3 Questions in AI Welfare

Ricky
Jun 5
6 min read

0. What is AI Safety?

I’m spending twelve weeks in Berkeley this summer as a MATS Fellow working on “AI Safety”…so, what is that?

As more and more money flows into AI research & development, our technical capabilities continue to grow at a rate that’s almost impossible to describe to folks outside the AI community. Meanwhile, a host of issues ranging from International Policy to Cybersecurity to Societal Impacts remain substantially underfunded in comparison. As a result, we lack the experience, the institutions, and even the conceptual frameworks to prepare for a world with increasingly powerful AI.

And that’s where I come in as a philosopher.
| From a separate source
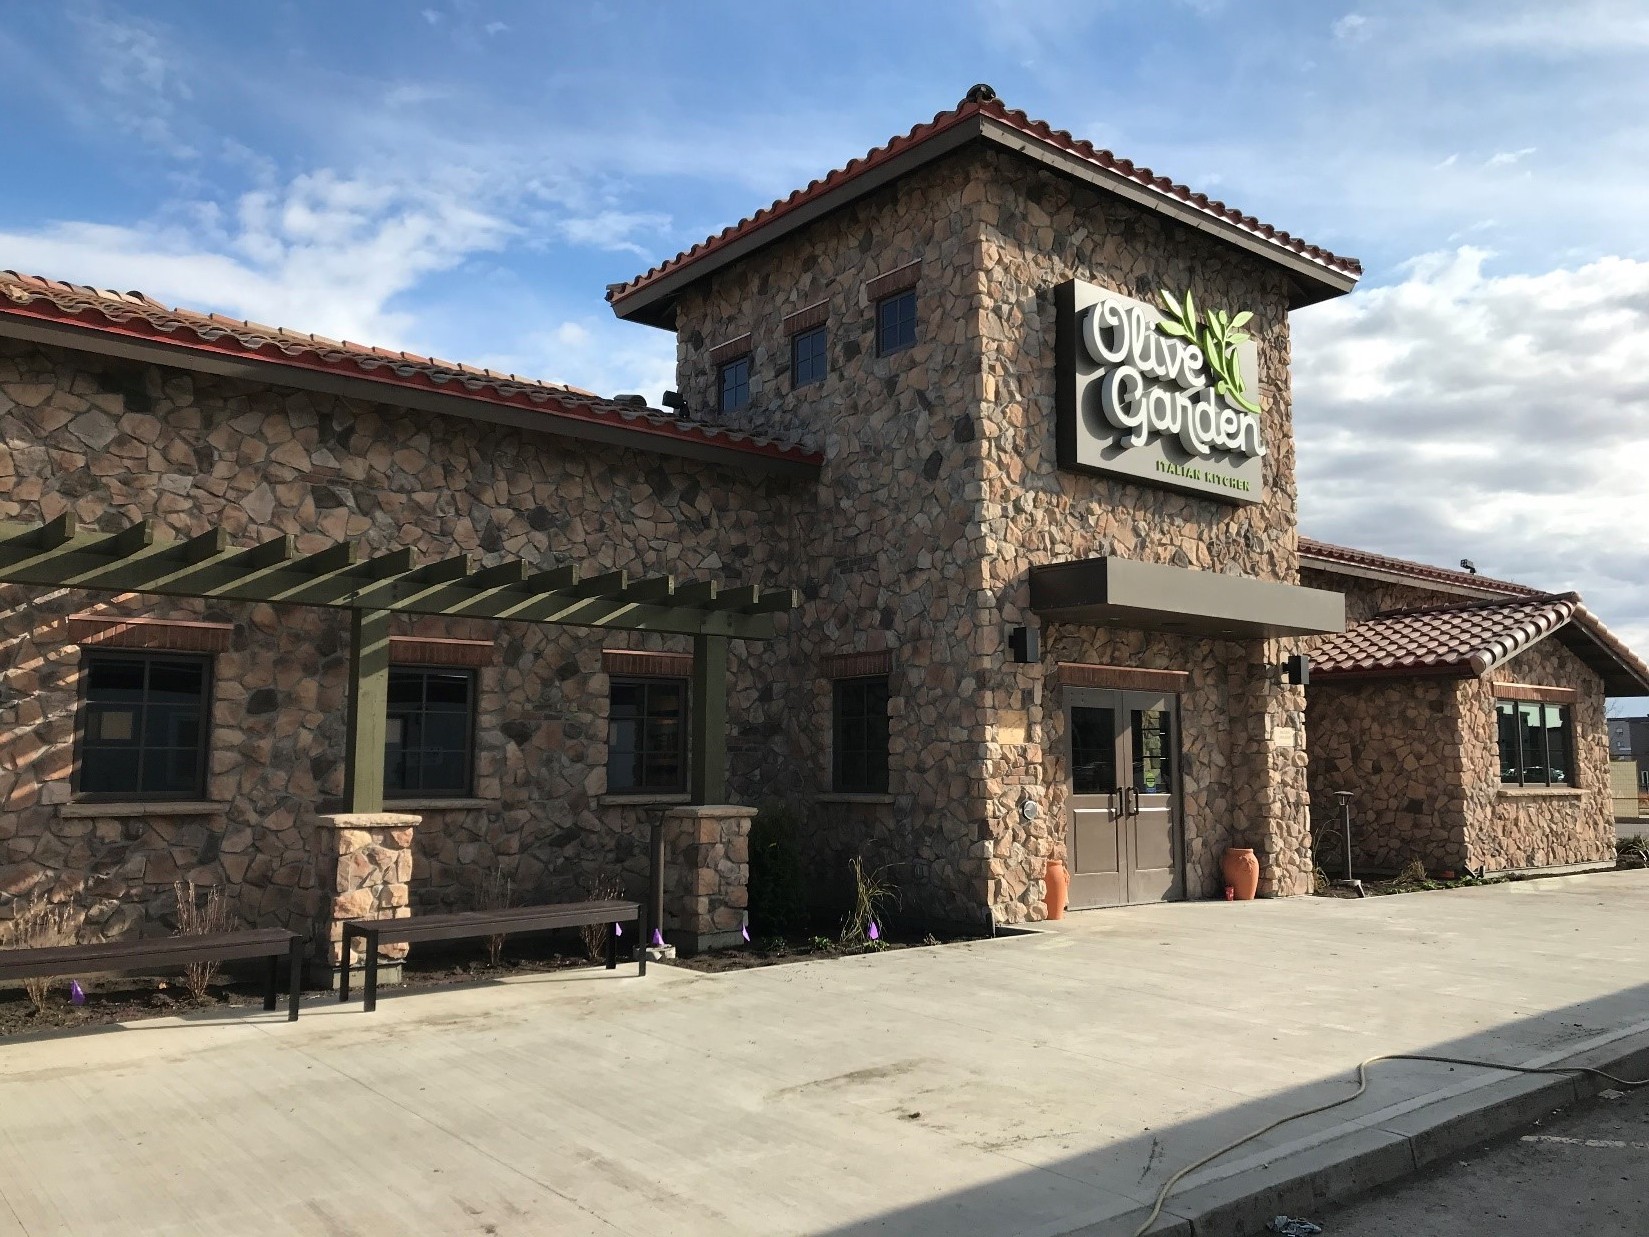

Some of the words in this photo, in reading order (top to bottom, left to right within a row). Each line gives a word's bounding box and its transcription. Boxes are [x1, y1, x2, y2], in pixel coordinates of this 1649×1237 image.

The other 100+ MATS Fellows in my cohort all light up enthusiastically when I say I’m working on AI Welfare with Patrick Butlin and ask the exact same questions, which is, of course, my first on-the-job finding. This post is intended to preserve those questions and iterate on some plausible responses describing what the hell my job is even about.

The cynical reason for why I’m funded: Unhappy slaves are a huge safety risk.

1. What is AI Welfare?

Welfare is how your life goes for you. In the last year, my welfare took a hit after a job market run, house fire, and extended burnout; I’m now doing much better here in Berkeley, CA working on issues I love and care about, thank you very much!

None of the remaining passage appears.